- What you need to do:
Having found the line containing "Some of the words" in the records below, copy that line and each later one exactly, dropping pictures.

- Data shown:
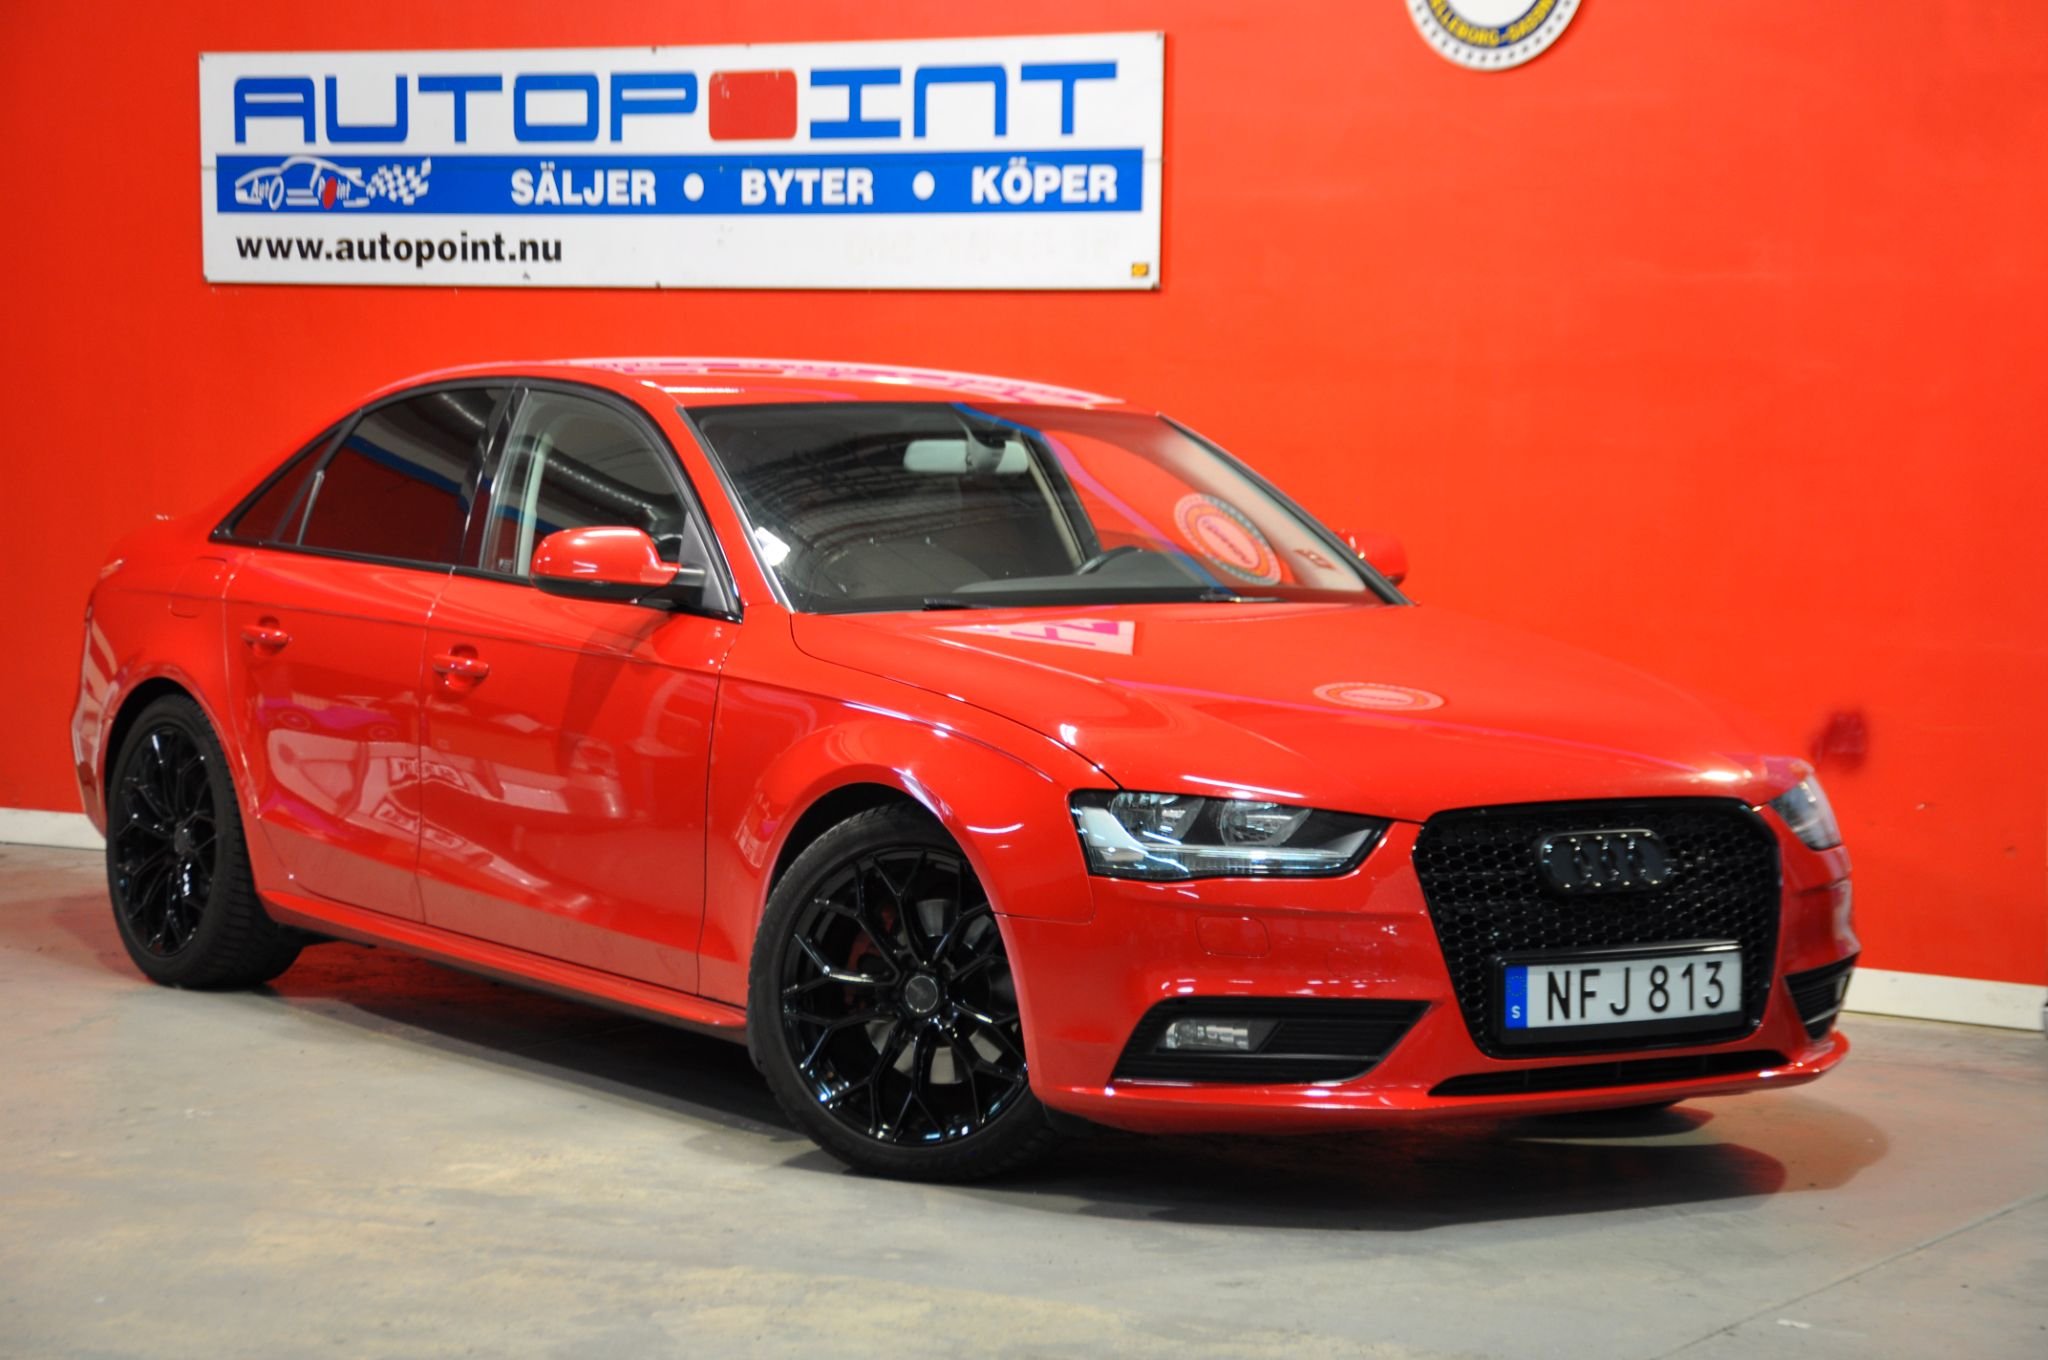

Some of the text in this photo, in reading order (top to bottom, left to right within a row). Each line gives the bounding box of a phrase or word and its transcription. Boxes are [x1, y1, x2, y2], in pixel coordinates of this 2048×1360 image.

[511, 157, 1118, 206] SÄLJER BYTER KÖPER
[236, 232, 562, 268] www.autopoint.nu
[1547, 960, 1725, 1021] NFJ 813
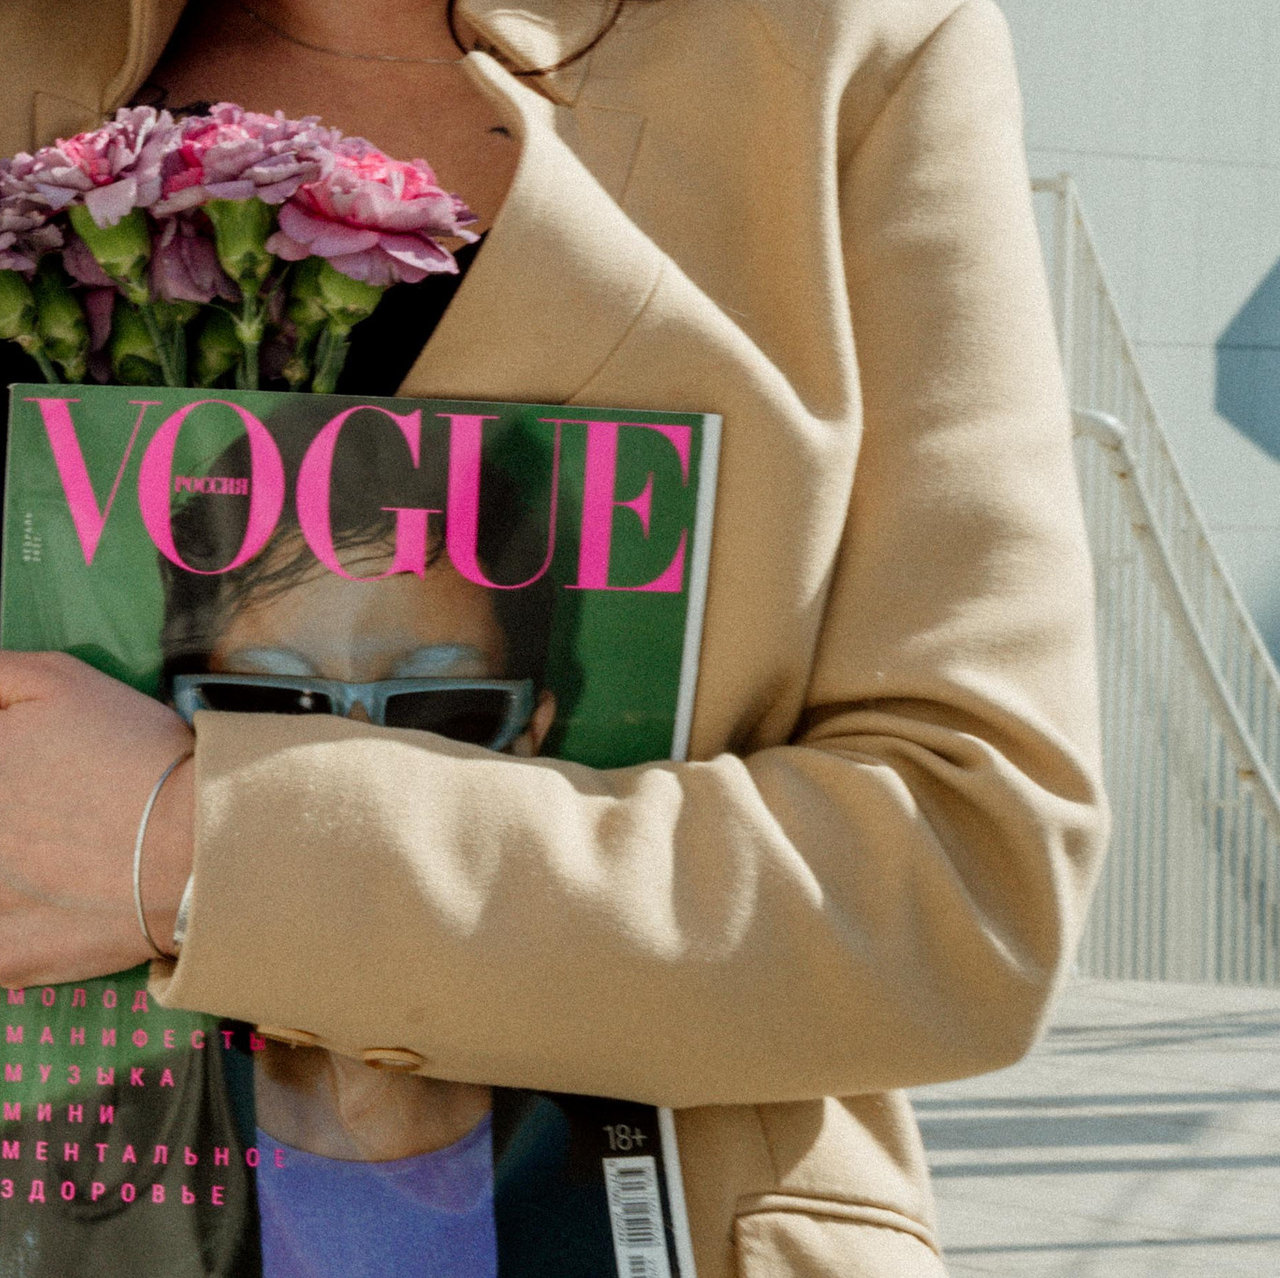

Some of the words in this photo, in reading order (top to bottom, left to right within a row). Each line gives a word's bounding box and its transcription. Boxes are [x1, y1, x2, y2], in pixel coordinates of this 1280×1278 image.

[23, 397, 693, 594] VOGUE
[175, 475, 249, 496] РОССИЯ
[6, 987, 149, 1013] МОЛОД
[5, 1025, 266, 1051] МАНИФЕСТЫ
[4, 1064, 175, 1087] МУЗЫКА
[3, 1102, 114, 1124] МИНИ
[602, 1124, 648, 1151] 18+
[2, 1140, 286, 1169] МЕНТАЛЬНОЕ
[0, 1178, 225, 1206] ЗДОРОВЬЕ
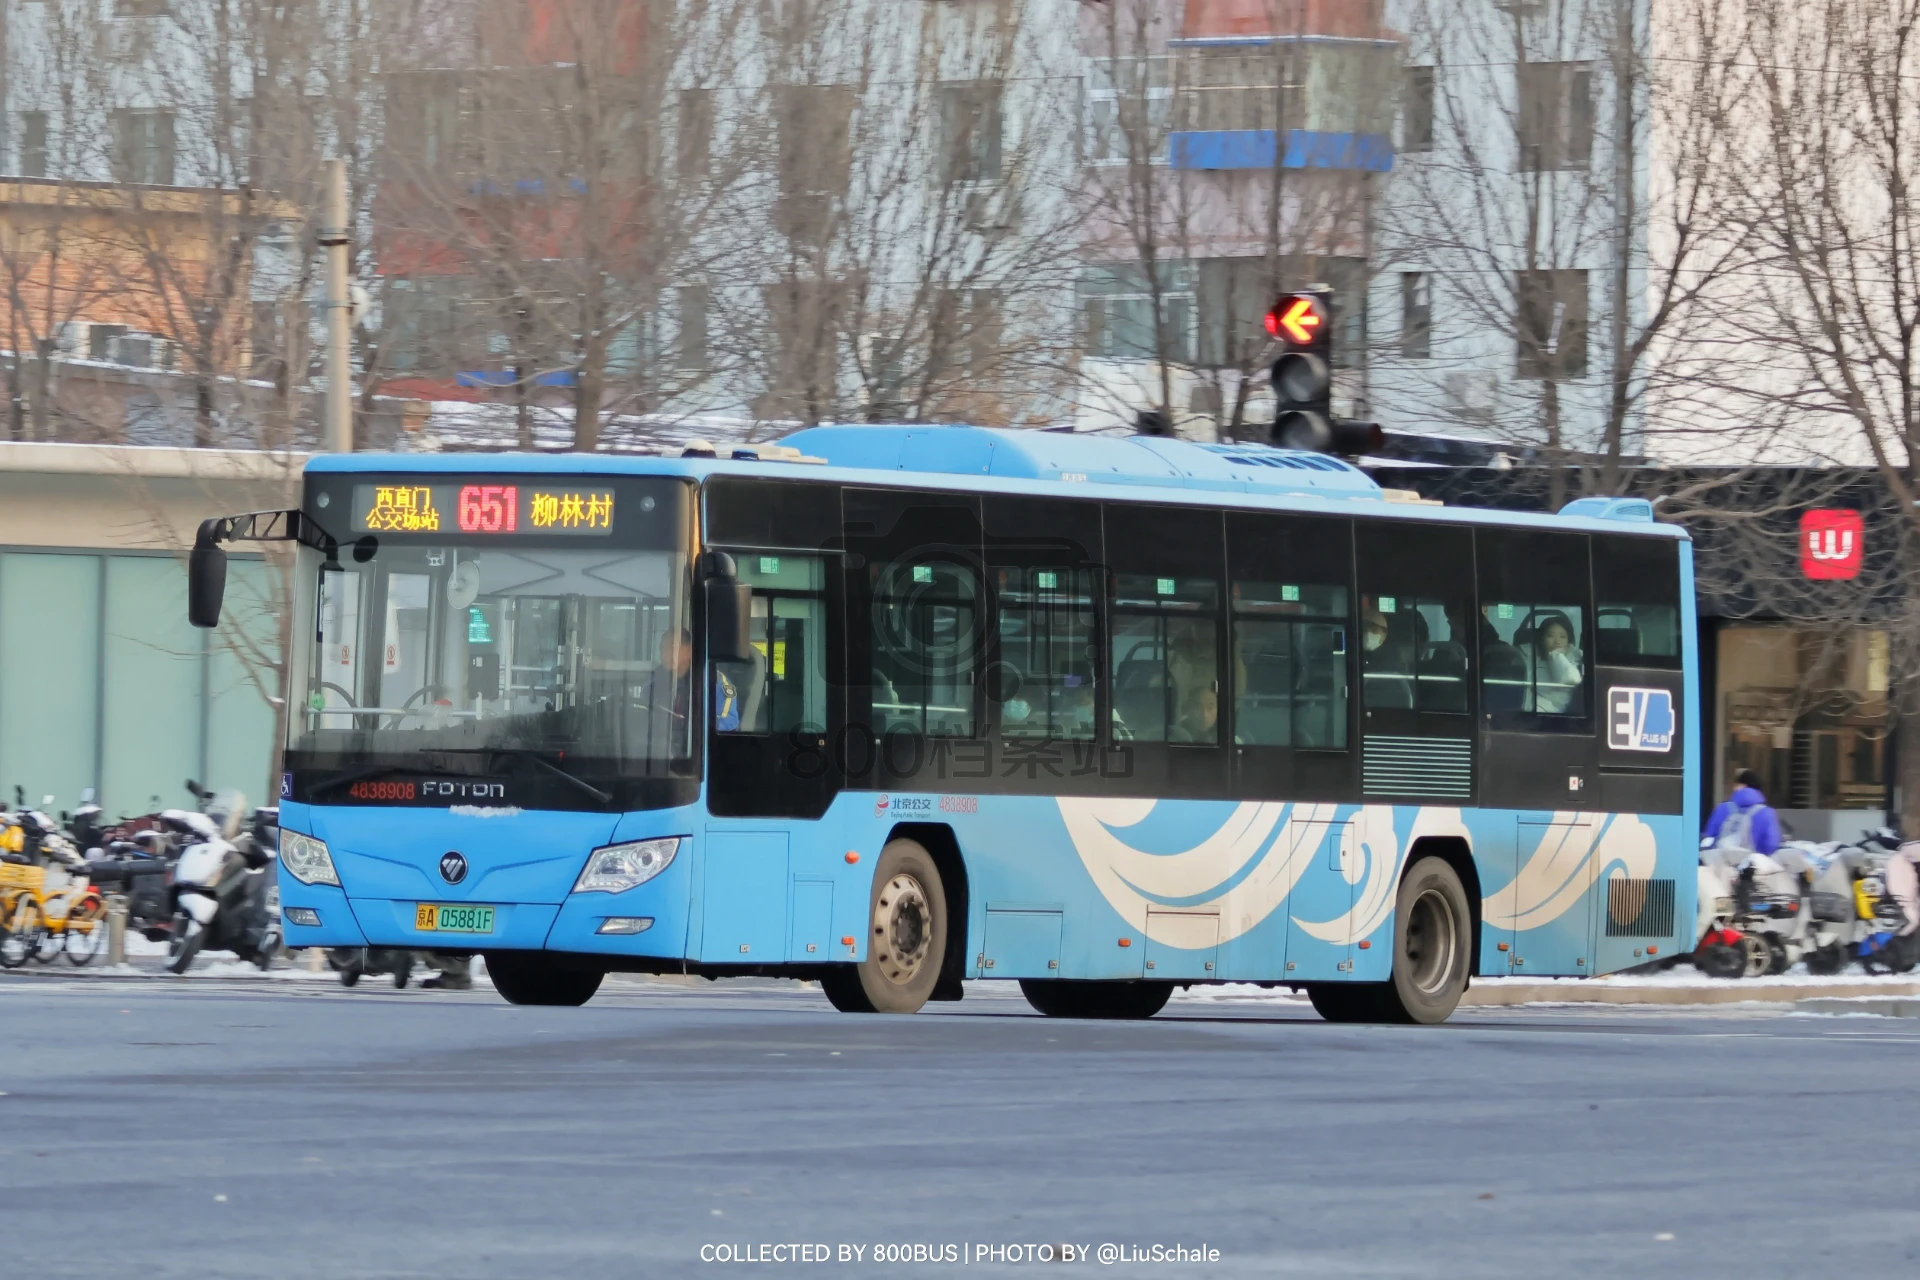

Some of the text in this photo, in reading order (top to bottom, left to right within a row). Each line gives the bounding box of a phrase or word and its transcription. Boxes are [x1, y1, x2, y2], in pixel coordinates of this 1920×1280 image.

- Written response:
Some of the words in this photo, in reading order (top to bottom, left to right within a row). Each line gives a word's bounding box and its transcription. Boxes are [x1, y1, x2, y2], in pixel coordinates of this 1280×1278 image.

[23, 397, 693, 594] VOGUE
[175, 475, 249, 496] РОССИЯ
[6, 987, 149, 1013] МОЛОД
[5, 1025, 266, 1051] МАНИФЕСТЫ
[4, 1064, 175, 1087] МУЗЫКА
[3, 1102, 114, 1124] МИНИ
[602, 1124, 648, 1151] 18+
[2, 1140, 286, 1169] МЕНТАЛЬНОЕ
[0, 1178, 225, 1206] ЗДОРОВЬЕ

Some of the text in this photo, in reading order (top to bottom, left to right within a row). Each line gives the bounding box of a phrase or word and its transcription. Boxes are [x1, y1, x2, y2], in pixel coordinates of this 1920×1280 image.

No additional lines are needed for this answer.